> What to produce
Each entry is to be retyped without alteration, and no picture is to be included.

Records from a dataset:
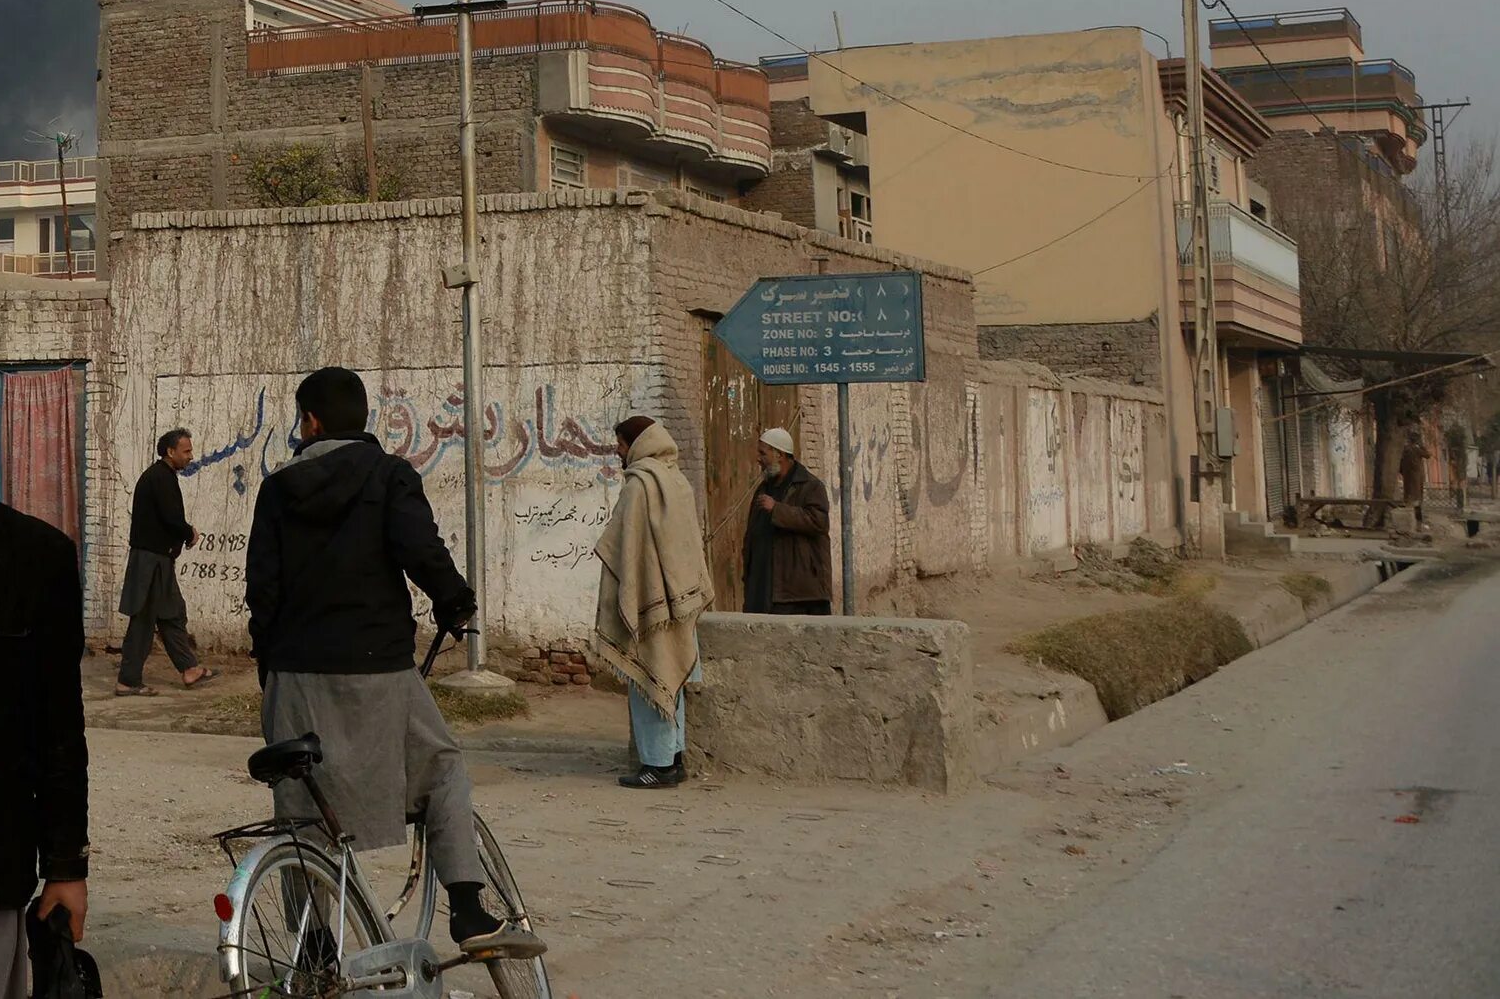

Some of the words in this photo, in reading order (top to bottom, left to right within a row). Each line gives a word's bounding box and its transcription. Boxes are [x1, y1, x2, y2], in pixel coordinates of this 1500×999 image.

[761, 311, 823, 325] STREET
[762, 329, 794, 340] ZONE
[797, 328, 819, 339] NO:
[824, 327, 834, 339] 3
[762, 346, 797, 358] PHASE
[799, 346, 819, 357] NO:
[823, 345, 833, 357] 3
[763, 363, 792, 376] HOUSE
[792, 362, 810, 375] NO:
[814, 362, 840, 374] 1545
[848, 362, 876, 373] 1555
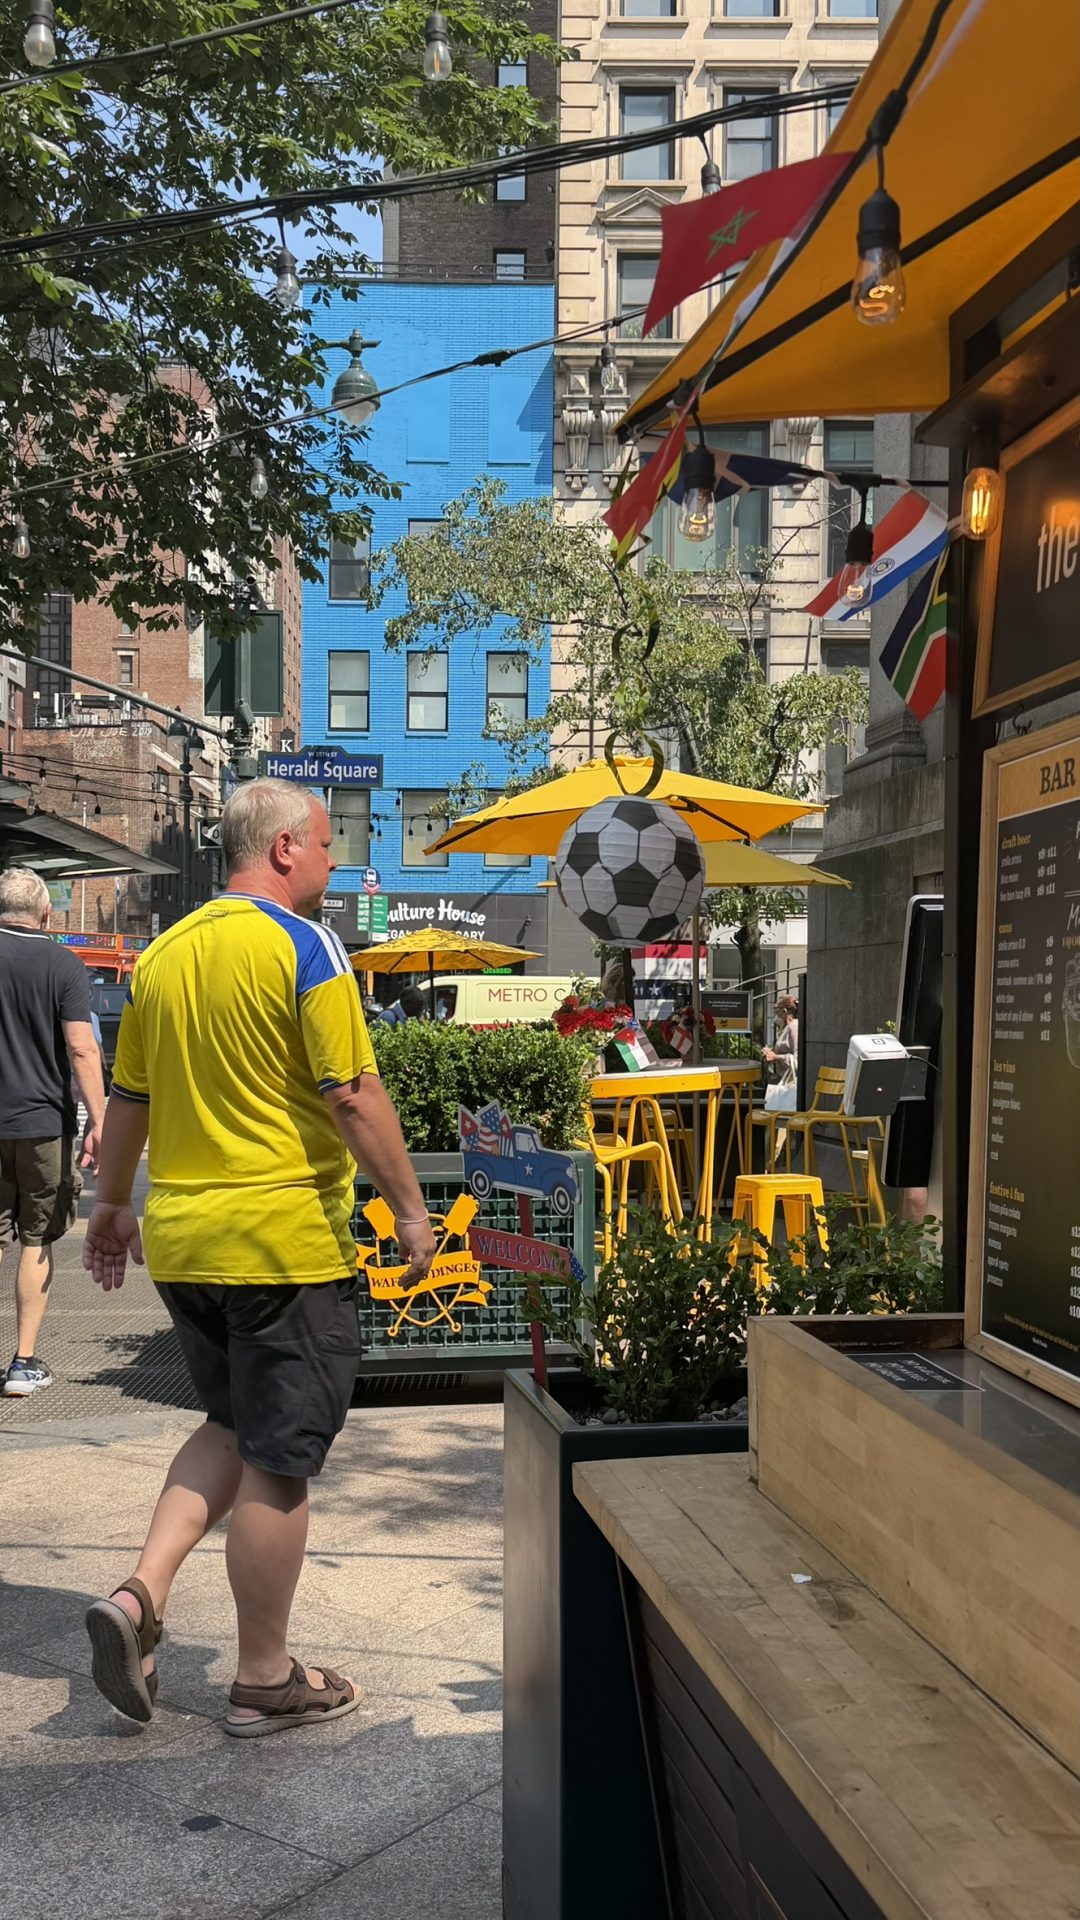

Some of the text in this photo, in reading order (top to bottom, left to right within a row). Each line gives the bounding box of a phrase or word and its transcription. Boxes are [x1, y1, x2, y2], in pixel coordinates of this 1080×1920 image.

[1036, 505, 1080, 593] the
[267, 760, 378, 782] Herald Square
[1040, 757, 1076, 795] BAR
[387, 902, 434, 923] ulture
[437, 898, 486, 926] House
[488, 988, 547, 1002] METRO
[431, 1262, 478, 1278] DINGES

> The answer
Some of the words in this photo, in reading order (top to bottom, left to right within a row). Each line gives a word's bounding box and its transcription. Boxes are [x1, y1, x2, y2], in pixel coordinates of this 1500×999 image.

[761, 311, 823, 325] STREET
[762, 329, 794, 340] ZONE
[797, 328, 819, 339] NO:
[824, 327, 834, 339] 3
[762, 346, 797, 358] PHASE
[799, 346, 819, 357] NO:
[823, 345, 833, 357] 3
[763, 363, 792, 376] HOUSE
[792, 362, 810, 375] NO:
[814, 362, 840, 374] 1545
[848, 362, 876, 373] 1555

Some of the text in this photo, in reading order (top to bottom, left to right within a row). Each line gives the bounding box of a phrase or word and its transcription. Boxes are [x1, y1, x2, y2], in pixel coordinates of this 1080×1920 image.

[1036, 505, 1080, 593] the
[267, 760, 378, 782] Herald Square
[1040, 757, 1076, 795] BAR
[387, 902, 434, 923] ulture
[437, 898, 486, 926] House
[488, 988, 547, 1002] METRO
[431, 1262, 478, 1278] DINGES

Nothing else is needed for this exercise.